- [The task] Your response needs to be the data below, retyped exactly.

- [Records supplied]
::::::::::

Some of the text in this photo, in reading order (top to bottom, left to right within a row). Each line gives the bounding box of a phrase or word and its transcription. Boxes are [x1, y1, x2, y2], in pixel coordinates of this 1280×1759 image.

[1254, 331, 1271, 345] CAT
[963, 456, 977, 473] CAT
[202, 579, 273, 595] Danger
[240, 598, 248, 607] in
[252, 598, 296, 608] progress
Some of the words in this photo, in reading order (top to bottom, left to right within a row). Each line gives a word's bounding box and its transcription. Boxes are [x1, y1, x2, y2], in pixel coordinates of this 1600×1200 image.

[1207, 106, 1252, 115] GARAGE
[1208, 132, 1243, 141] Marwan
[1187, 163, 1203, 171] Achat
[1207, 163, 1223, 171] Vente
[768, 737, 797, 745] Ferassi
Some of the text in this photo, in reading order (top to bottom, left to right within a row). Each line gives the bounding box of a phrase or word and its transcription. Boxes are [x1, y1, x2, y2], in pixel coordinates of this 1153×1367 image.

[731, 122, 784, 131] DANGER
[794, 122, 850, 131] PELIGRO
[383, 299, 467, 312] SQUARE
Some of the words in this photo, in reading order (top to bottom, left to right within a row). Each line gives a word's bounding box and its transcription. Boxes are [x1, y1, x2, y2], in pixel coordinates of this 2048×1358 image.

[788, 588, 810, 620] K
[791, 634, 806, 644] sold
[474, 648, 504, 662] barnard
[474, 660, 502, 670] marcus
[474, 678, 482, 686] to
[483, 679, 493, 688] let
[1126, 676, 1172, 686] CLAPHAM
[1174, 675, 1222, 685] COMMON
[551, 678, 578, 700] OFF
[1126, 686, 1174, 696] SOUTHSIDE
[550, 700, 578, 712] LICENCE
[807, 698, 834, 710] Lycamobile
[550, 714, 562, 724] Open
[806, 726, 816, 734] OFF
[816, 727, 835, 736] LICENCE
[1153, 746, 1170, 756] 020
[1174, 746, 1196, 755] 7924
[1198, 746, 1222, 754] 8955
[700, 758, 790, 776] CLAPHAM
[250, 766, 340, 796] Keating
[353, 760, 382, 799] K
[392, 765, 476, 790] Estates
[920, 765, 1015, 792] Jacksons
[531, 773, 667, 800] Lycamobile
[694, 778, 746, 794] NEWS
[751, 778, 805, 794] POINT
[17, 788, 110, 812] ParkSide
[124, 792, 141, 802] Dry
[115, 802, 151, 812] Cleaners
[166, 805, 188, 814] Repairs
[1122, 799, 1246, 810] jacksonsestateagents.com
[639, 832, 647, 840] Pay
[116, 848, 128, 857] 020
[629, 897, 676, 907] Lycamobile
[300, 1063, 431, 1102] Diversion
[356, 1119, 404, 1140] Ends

::::::::::

- [Written solution]
Some of the text in this photo, in reading order (top to bottom, left to right within a row). Each line gives the bounding box of a phrase or word and its transcription. Boxes are [x1, y1, x2, y2], in pixel coordinates of this 1280×1759 image.

[1254, 331, 1271, 345] CAT
[963, 456, 977, 473] CAT
[202, 579, 273, 595] Danger
[240, 598, 248, 607] in
[252, 598, 296, 608] progress
Some of the words in this photo, in reading order (top to bottom, left to right within a row). Each line gives a word's bounding box and its transcription. Boxes are [x1, y1, x2, y2], in pixel coordinates of this 1600×1200 image.

[1207, 106, 1252, 115] GARAGE
[1208, 132, 1243, 141] Marwan
[1187, 163, 1203, 171] Achat
[1207, 163, 1223, 171] Vente
[768, 737, 797, 745] Ferassi
Some of the text in this photo, in reading order (top to bottom, left to right within a row). Each line gives the bounding box of a phrase or word and its transcription. Boxes are [x1, y1, x2, y2], in pixel coordinates of this 1153×1367 image.

[731, 122, 784, 131] DANGER
[794, 122, 850, 131] PELIGRO
[383, 299, 467, 312] SQUARE
Some of the words in this photo, in reading order (top to bottom, left to right within a row). Each line gives a word's bounding box and its transcription. Boxes are [x1, y1, x2, y2], in pixel coordinates of this 2048×1358 image.

[788, 588, 810, 620] K
[791, 634, 806, 644] sold
[474, 648, 504, 662] barnard
[474, 660, 502, 670] marcus
[474, 678, 482, 686] to
[483, 679, 493, 688] let
[1126, 676, 1172, 686] CLAPHAM
[1174, 675, 1222, 685] COMMON
[551, 678, 578, 700] OFF
[1126, 686, 1174, 696] SOUTHSIDE
[550, 700, 578, 712] LICENCE
[807, 698, 834, 710] Lycamobile
[550, 714, 562, 724] Open
[806, 726, 816, 734] OFF
[816, 727, 835, 736] LICENCE
[1153, 746, 1170, 756] 020
[1174, 746, 1196, 755] 7924
[1198, 746, 1222, 754] 8955
[700, 758, 790, 776] CLAPHAM
[250, 766, 340, 796] Keating
[353, 760, 382, 799] K
[392, 765, 476, 790] Estates
[920, 765, 1015, 792] Jacksons
[531, 773, 667, 800] Lycamobile
[694, 778, 746, 794] NEWS
[751, 778, 805, 794] POINT
[17, 788, 110, 812] ParkSide
[124, 792, 141, 802] Dry
[115, 802, 151, 812] Cleaners
[166, 805, 188, 814] Repairs
[1122, 799, 1246, 810] jacksonsestateagents.com
[639, 832, 647, 840] Pay
[116, 848, 128, 857] 020
[629, 897, 676, 907] Lycamobile
[300, 1063, 431, 1102] Diversion
[356, 1119, 404, 1140] Ends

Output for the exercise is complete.